*TO DO*: Beginning with the line that has "this 1280×1703 image.", please write out the remaining lines of the material exactly, the last one included.

◇ ◇ ◇ ◇ ◇ ◇ ◇

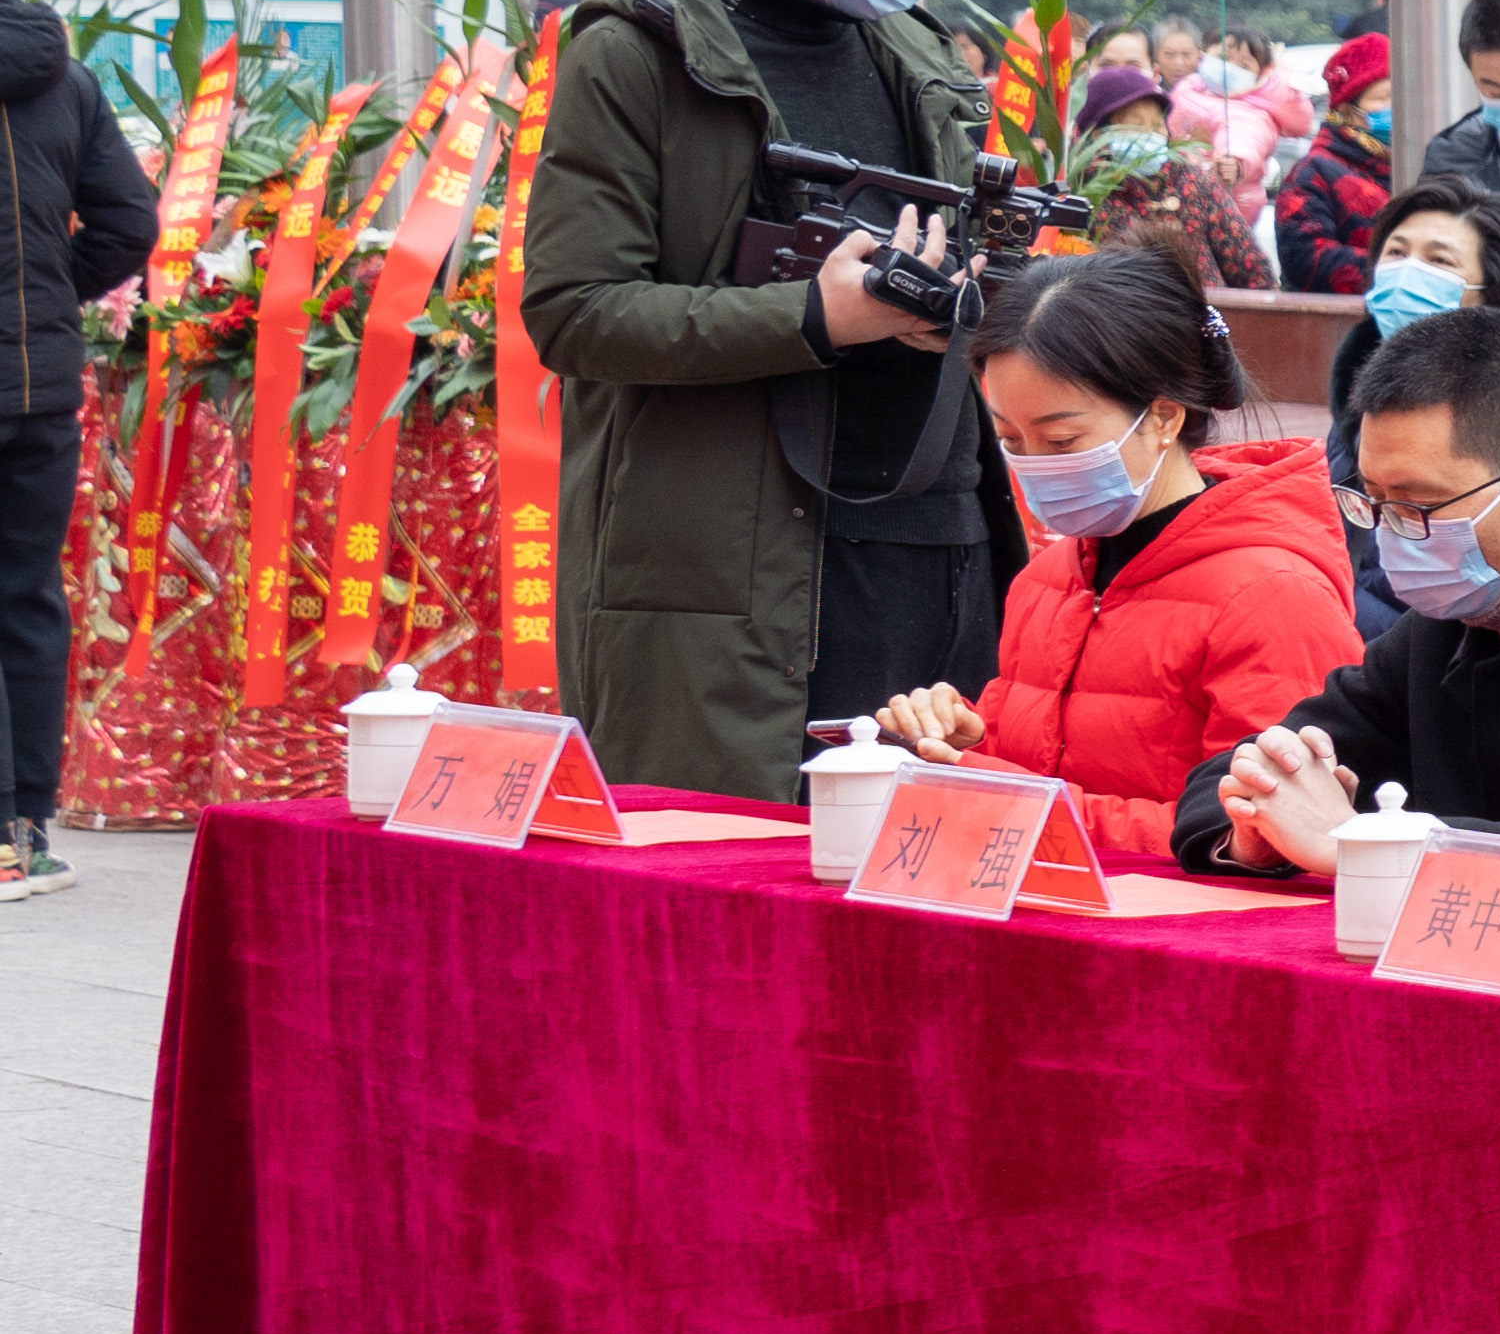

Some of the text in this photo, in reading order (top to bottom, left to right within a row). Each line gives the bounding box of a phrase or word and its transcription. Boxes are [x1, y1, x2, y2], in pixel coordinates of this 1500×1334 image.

[893, 274, 924, 295] SONY
[338, 522, 381, 619] 恭贺
[512, 503, 551, 644] 全家恭贺
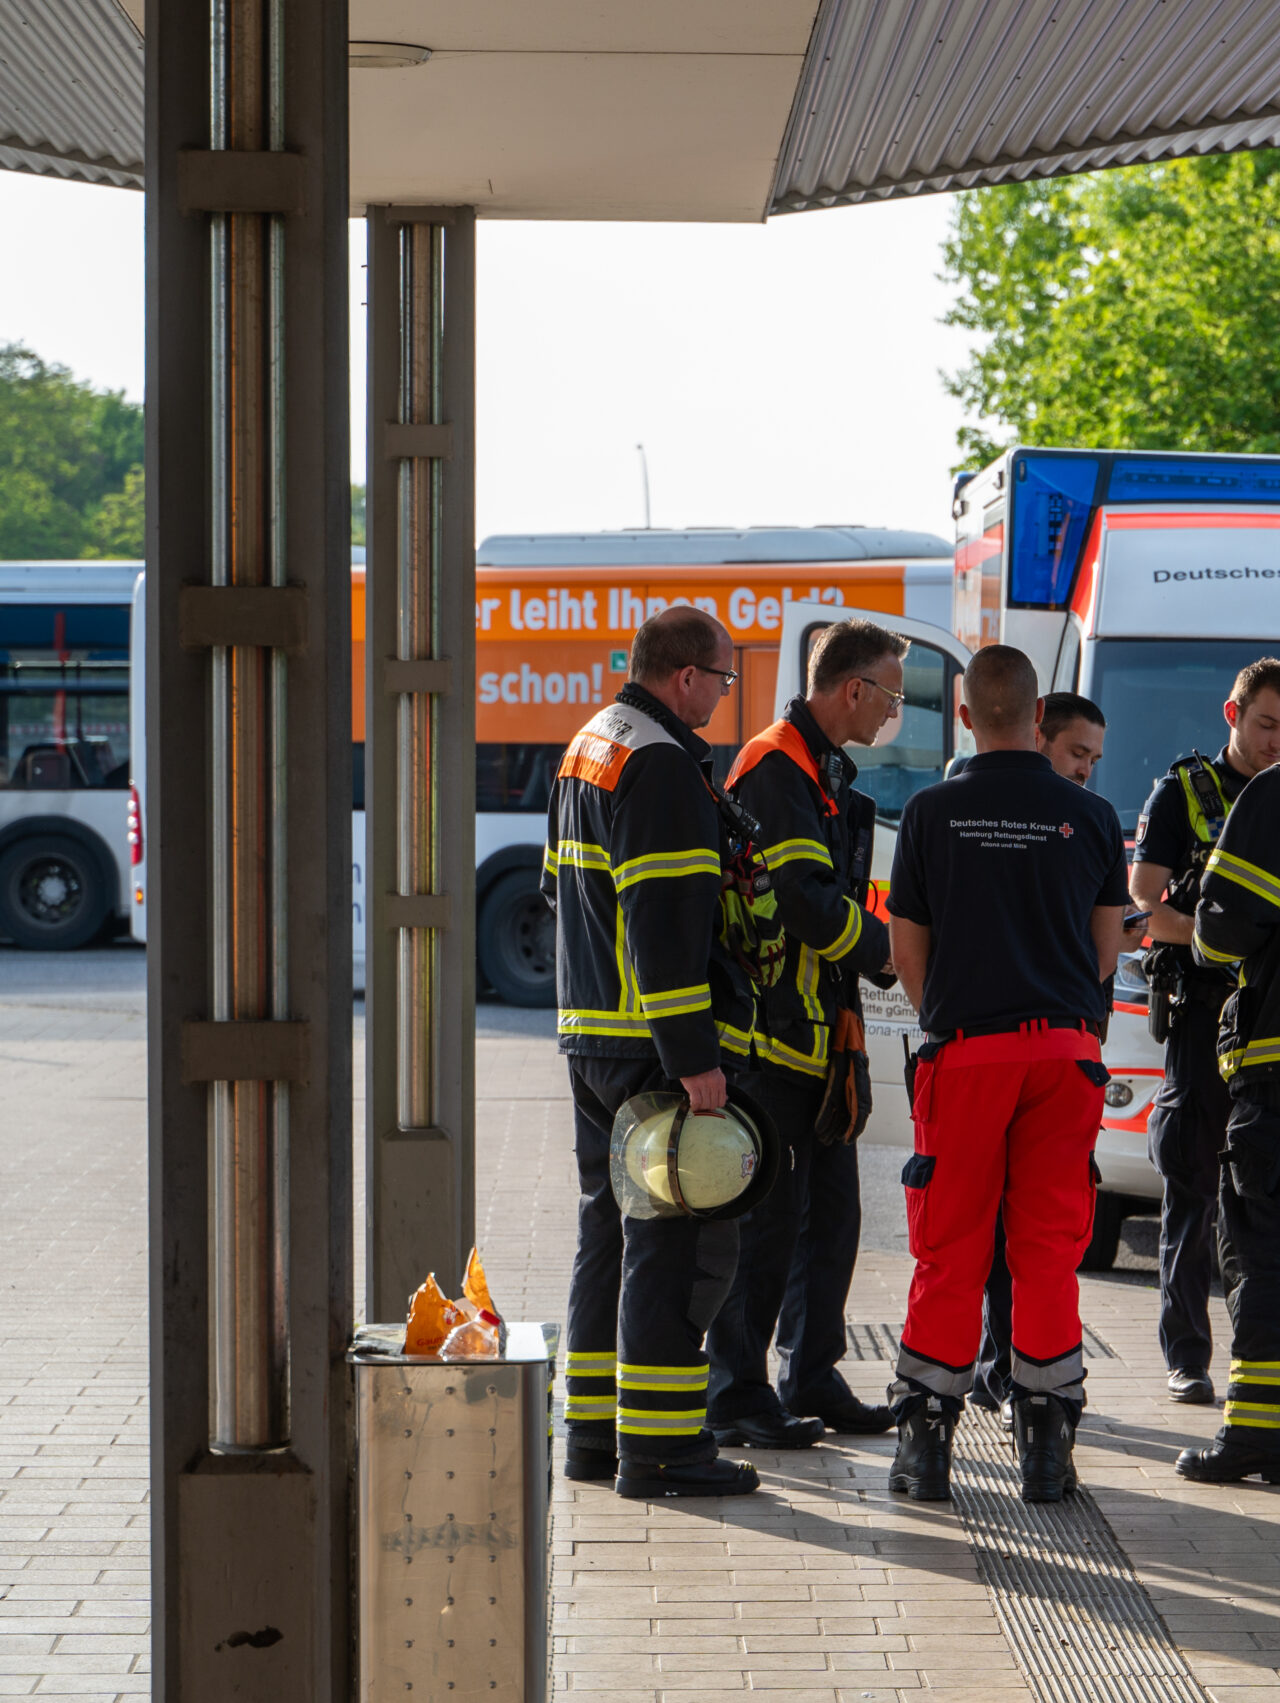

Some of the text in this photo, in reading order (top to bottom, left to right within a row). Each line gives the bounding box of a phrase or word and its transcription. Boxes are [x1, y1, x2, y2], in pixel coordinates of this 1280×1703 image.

[510, 588, 597, 630] leiht
[479, 663, 603, 704] schon!
[950, 819, 1057, 832] Deutsches Rotes Kreuz
[959, 831, 1047, 842] Hamburg Rettungsdienst

◇ ◇ ◇ ◇ ◇ ◇ ◇

*OUTPUT OF THE EXERCISE*:
Some of the text in this photo, in reading order (top to bottom, left to right within a row). Each line gives the bounding box of a phrase or word and its transcription. Boxes are [x1, y1, x2, y2], in pixel coordinates of this 1280×1703 image.

[510, 588, 597, 630] leiht
[479, 663, 603, 704] schon!
[950, 819, 1057, 832] Deutsches Rotes Kreuz
[959, 831, 1047, 842] Hamburg Rettungsdienst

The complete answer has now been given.